* [WORK INSTRUCTION] Return each entry word for word and skip its pictures.

(Referring expression grounding data)
☆ ☆ ☆
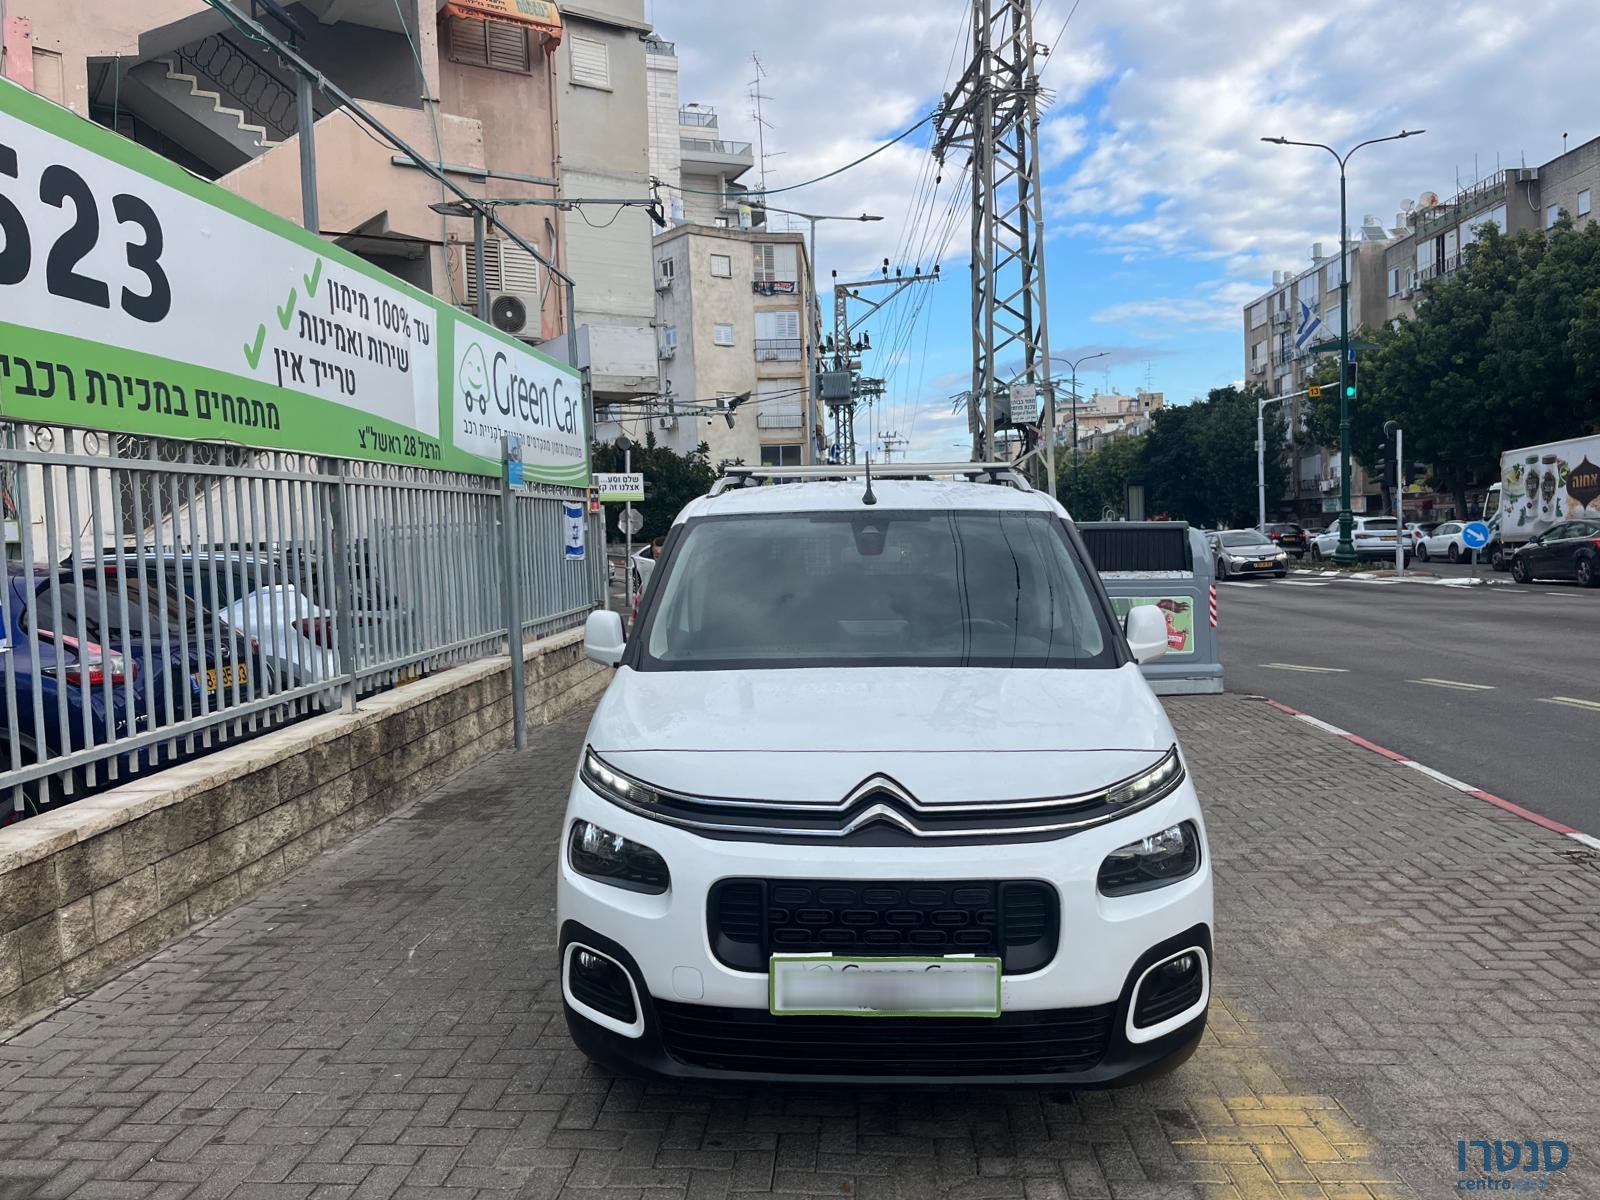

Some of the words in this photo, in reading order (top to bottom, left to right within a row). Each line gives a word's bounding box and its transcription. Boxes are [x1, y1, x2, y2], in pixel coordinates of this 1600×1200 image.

[327, 278, 370, 320] מימון
[374, 296, 411, 338] 100%
[298, 310, 364, 358] ואמינות
[413, 318, 430, 346] עד
[274, 347, 305, 388] אין
[368, 336, 409, 373] שירות
[84, 368, 188, 417] במכירת
[309, 358, 356, 396] טרייד
[493, 351, 551, 428] Green
[554, 378, 578, 436] Car
[194, 388, 280, 430] מתמחים
[464, 420, 478, 435] רכב
[404, 434, 416, 456] 28
[418, 436, 441, 460] הרצל
[1572, 473, 1598, 488] אחוה
☆ ☆ ☆
* [REPLY]
Some of the words in this photo, in reading order (top to bottom, left to right within a row). Each line gives a word's bounding box and its transcription. Boxes are [x1, y1, x2, y2], in pixel coordinates of this 1600×1200 image.

[327, 278, 370, 320] מימון
[374, 296, 411, 338] 100%
[298, 310, 364, 358] ואמינות
[413, 318, 430, 346] עד
[274, 347, 305, 388] אין
[368, 336, 409, 373] שירות
[84, 368, 188, 417] במכירת
[309, 358, 356, 396] טרייד
[493, 351, 551, 428] Green
[554, 378, 578, 436] Car
[194, 388, 280, 430] מתמחים
[464, 420, 478, 435] רכב
[404, 434, 416, 456] 28
[418, 436, 441, 460] הרצל
[1572, 473, 1598, 488] אחוה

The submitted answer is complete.